Today's newsletter is 734 words, a 2½-minute read.

🔔 The dashboard: The S&P 500 closed up 1.0% following new inflation data.

  • Biggest gainer? Intel Corp. (+9.5%), on a report suggesting a new turnaround plan could be in the works. (See more below.👇)
  • Biggest decliner? Ulta Beauty (-4.0%), after the retailer cut its full-year guidance.
 
 
1 big thing: Intel on ice
By and
 
Data: Yahoo Finance; Chart: Axios Visuals

The latest intel on Intel is that the company is brainstorming strategic options with longtime advisers to weather a storm of losses, as first reported by Bloomberg.

Why it matters: Intel isn't just one of America's oldest chipmakers, it's also a key national security asset, slated to receive the largest parcel of federal government support as part of the CHIPS Act.

Driving the news: The company is said to be kicking around ideas with Goldman Sachs and Morgan Stanley, including a sale or spinoff of its manufacturing unit.

  • It's also considering smaller moves like reining in project expansion plans, people familiar with the situation told Bloomberg.
  • "We don't have a comment on this," Intel's director of corporate comms Penny Bruce says in an email to Axios on the reported talks with advisers.
  • When asked whether the status of its manufacturing projects had changed, she declined to comment beyond an April 15 update.

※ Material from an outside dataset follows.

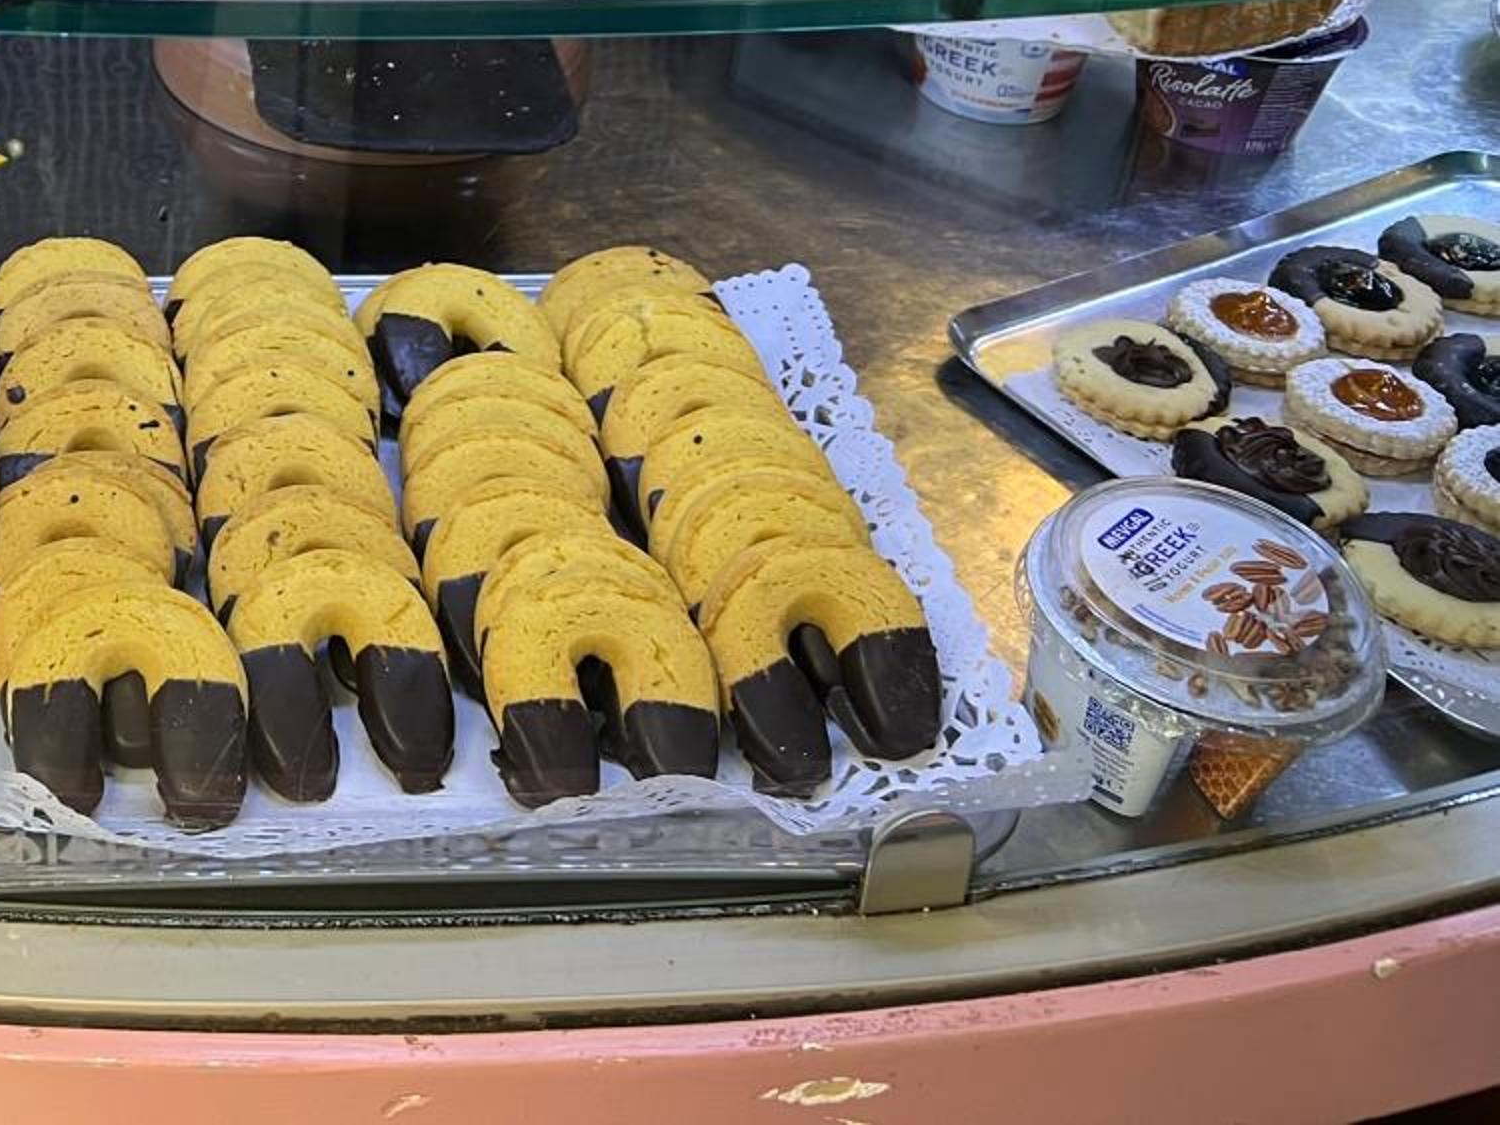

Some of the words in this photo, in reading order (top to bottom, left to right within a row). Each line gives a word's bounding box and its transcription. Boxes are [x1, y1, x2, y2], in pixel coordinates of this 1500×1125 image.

[1150, 63, 1260, 102] Risolatte
[1100, 512, 1152, 547] MEVGAL
[1130, 527, 1197, 577] GREEK
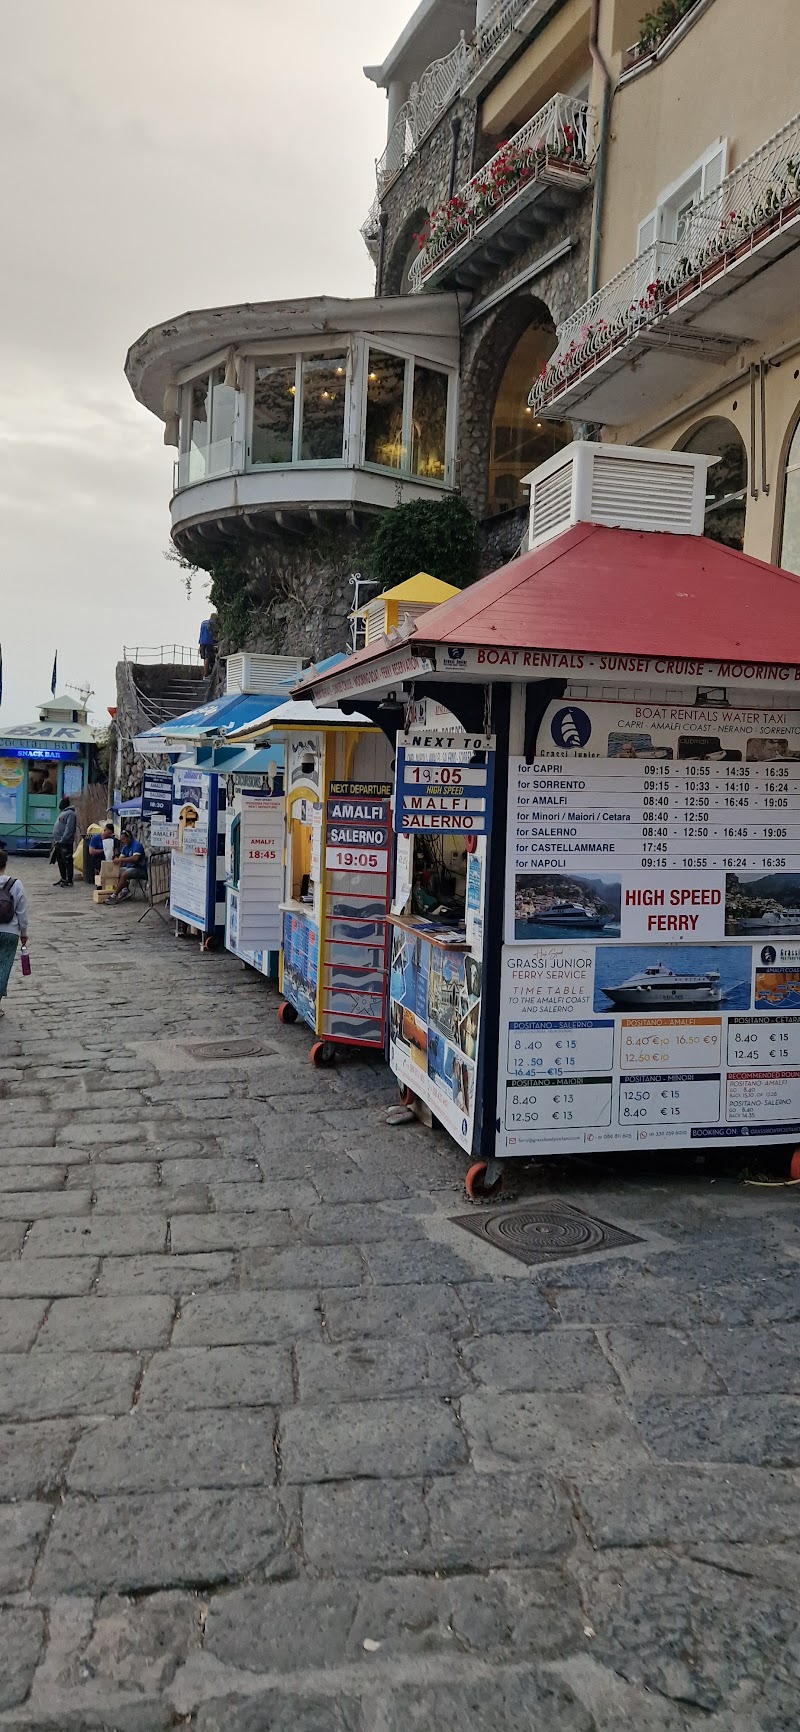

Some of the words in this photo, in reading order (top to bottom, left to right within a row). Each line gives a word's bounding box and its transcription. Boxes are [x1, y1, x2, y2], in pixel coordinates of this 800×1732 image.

Zoom out: Intel has been floundering for over a decade, and some of the larger options reportedly being discussed would unwind core parts of CEO Pat Gelsinger's turnaround plans centered around a recommitment to manufacturing.

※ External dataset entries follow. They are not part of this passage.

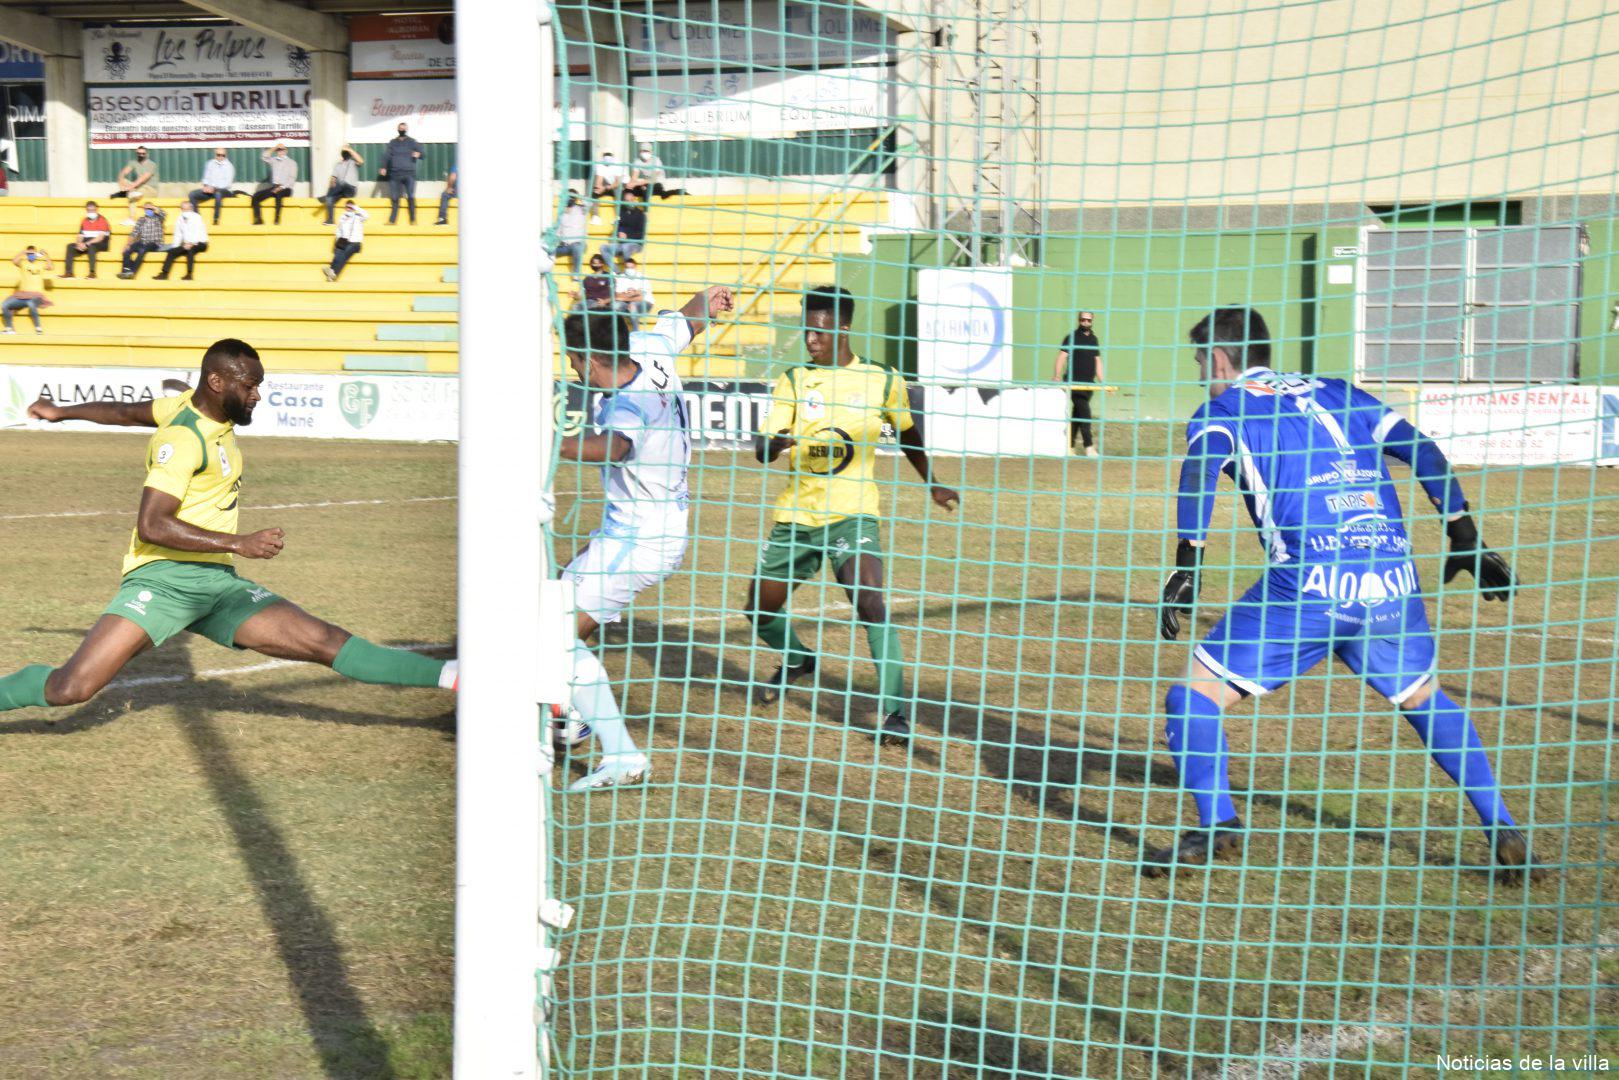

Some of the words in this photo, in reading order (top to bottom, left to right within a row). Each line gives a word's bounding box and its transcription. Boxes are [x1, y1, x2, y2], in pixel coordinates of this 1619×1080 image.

[149, 30, 186, 70] Los
[196, 28, 267, 72] Pulpos
[268, 392, 324, 408] Casa
[1526, 391, 1591, 406] RENTAL
[276, 411, 315, 428] Mané

The big picture: Intel reported a $1.61 billion net loss last quarter, complicating the company's ambitions to spend tens of billions on new factories to make chips for itself and outside customers.

  • One problem, it's not clear whether any customers have lined up.
  • Up to $8.5 billion in direct funding and up to $11 billion in loans pledged to the company through the CHIPS Act to advance manufacturing projects is dependent on the company hitting production milestones.

Intel's stock has been moving in the wrong direction. It's down nearly 60% this year and 28% just this month — failing to capture the momentum other chip stocks have enjoyed.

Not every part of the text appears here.